*What you should do*
Set every entry down again, unchanged, picture-free.

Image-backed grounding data
Content starts

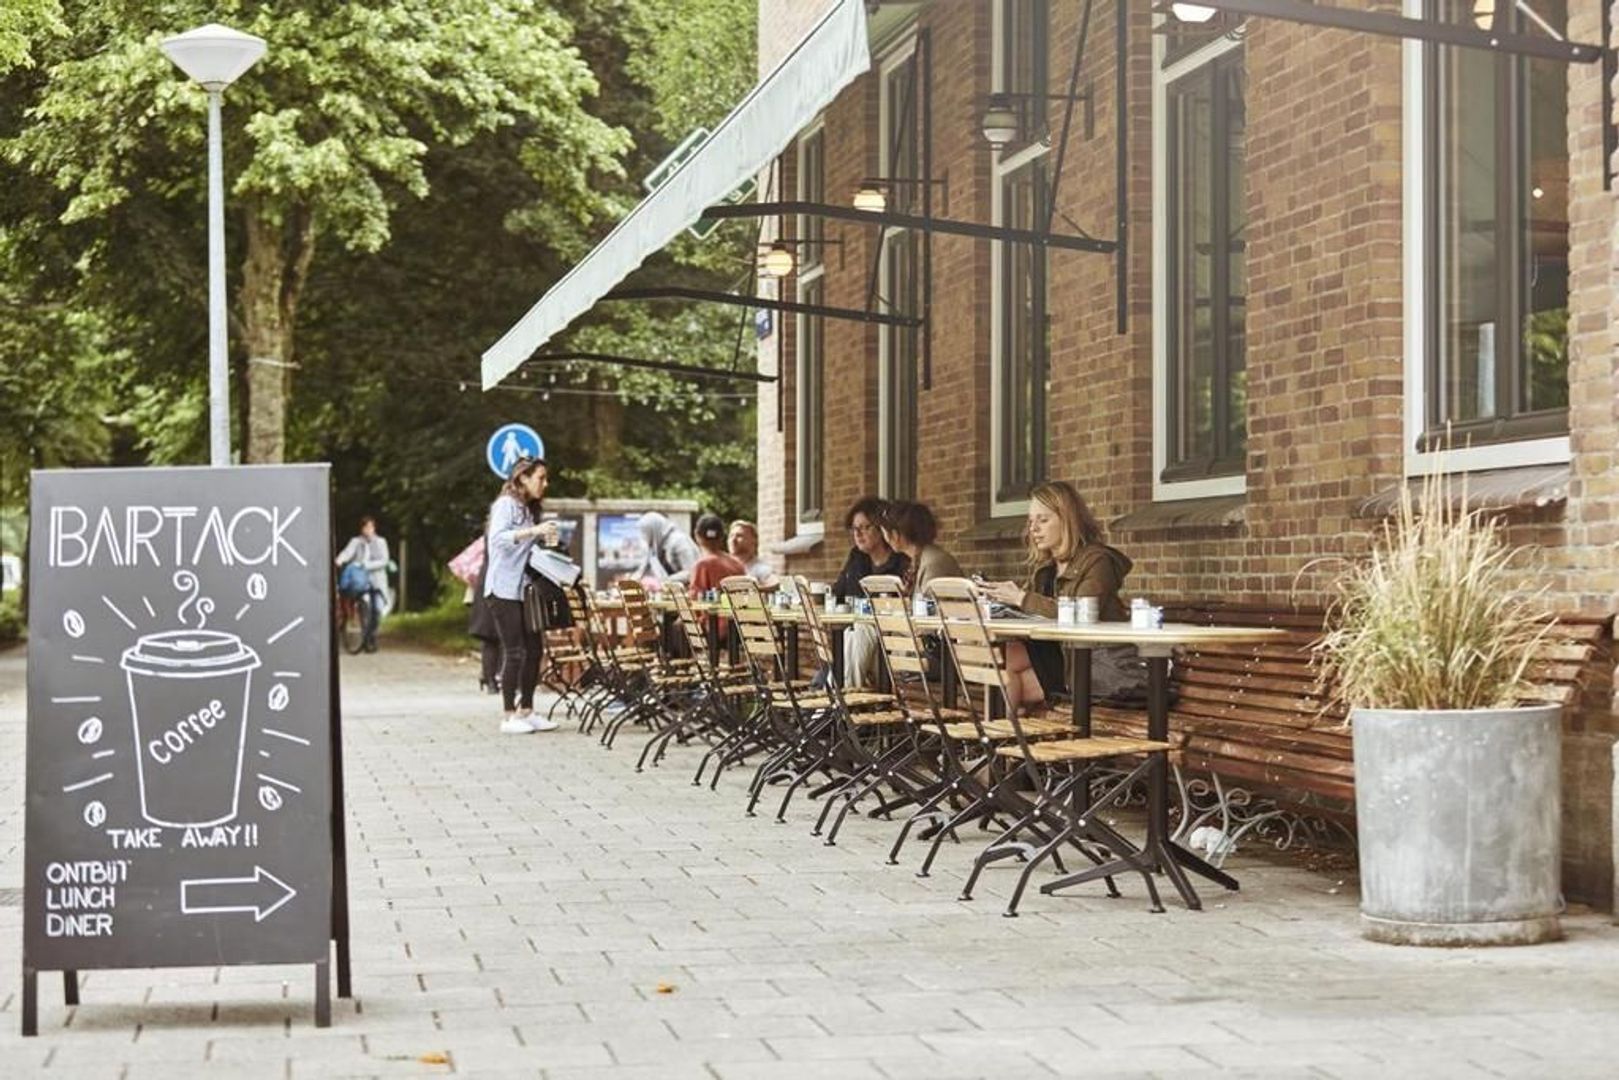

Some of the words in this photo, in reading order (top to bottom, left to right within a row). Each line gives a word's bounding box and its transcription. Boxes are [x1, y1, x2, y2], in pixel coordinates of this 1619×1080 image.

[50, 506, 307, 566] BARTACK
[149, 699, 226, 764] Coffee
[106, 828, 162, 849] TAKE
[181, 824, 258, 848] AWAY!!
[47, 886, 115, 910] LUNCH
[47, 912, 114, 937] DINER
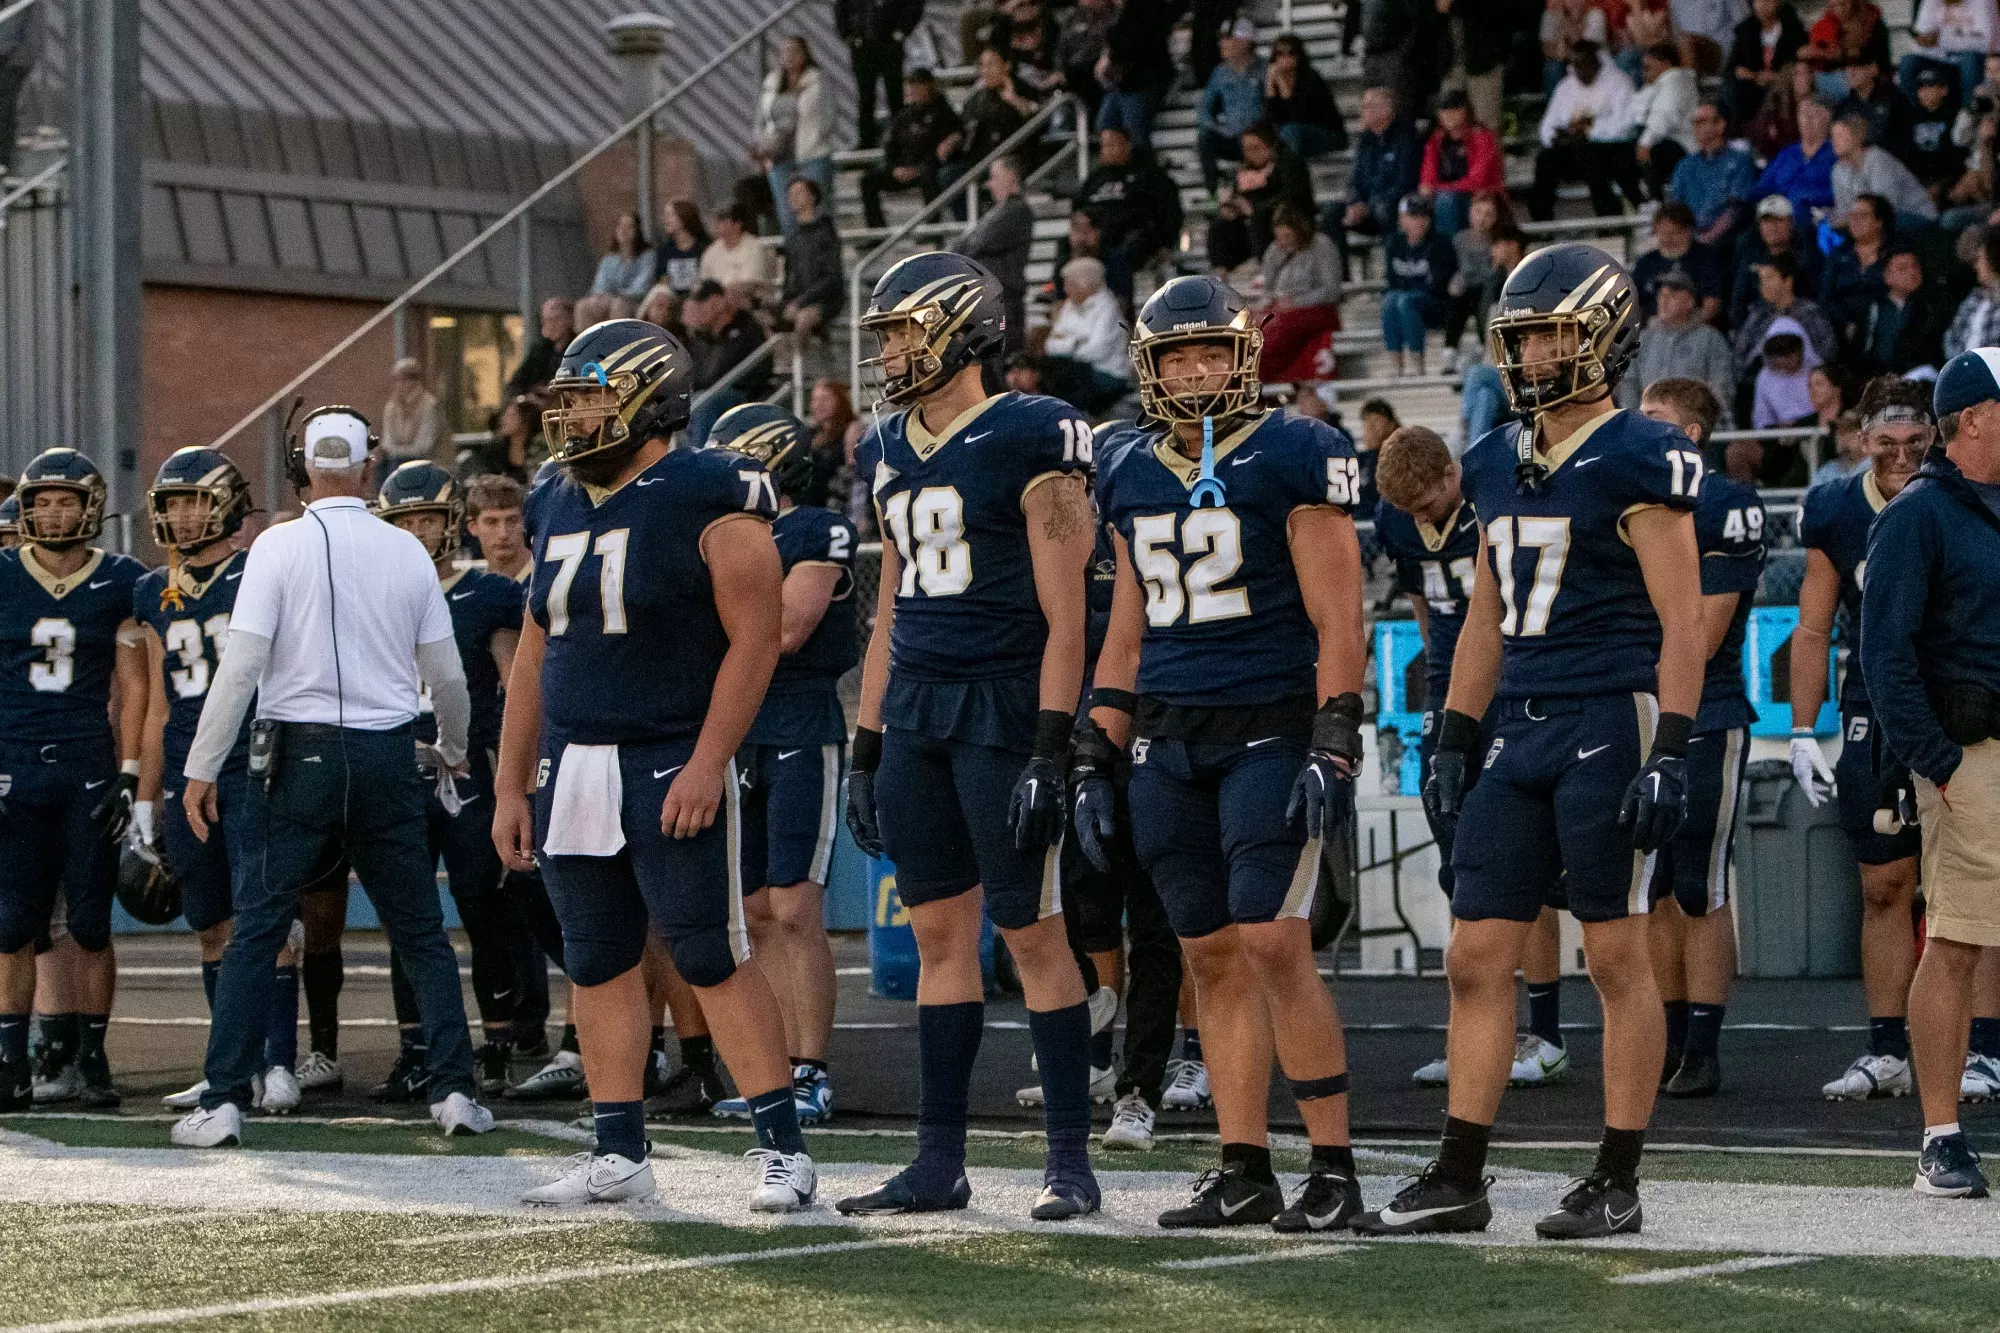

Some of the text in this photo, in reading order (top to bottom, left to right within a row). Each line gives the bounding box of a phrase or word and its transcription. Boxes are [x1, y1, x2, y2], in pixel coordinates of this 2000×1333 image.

Content ends

*Response to this task*
Some of the words in this photo, in reading order (top to bottom, left to right within a row). Each line gives a word's bounding box and its transcription. Boxes are [x1, y1, x2, y2], in pixel coordinates of this 1619×1080 image.

[50, 506, 307, 566] BARTACK
[149, 699, 226, 764] Coffee
[106, 828, 162, 849] TAKE
[181, 824, 258, 848] AWAY!!
[47, 886, 115, 910] LUNCH
[47, 912, 114, 937] DINER

Some of the text in this photo, in reading order (top to bottom, left to right within a row). Each line gives the bounding box of a phrase or word and its transcription. Boxes are [x1, y1, x2, y2], in pixel coordinates of this 2000×1333 image.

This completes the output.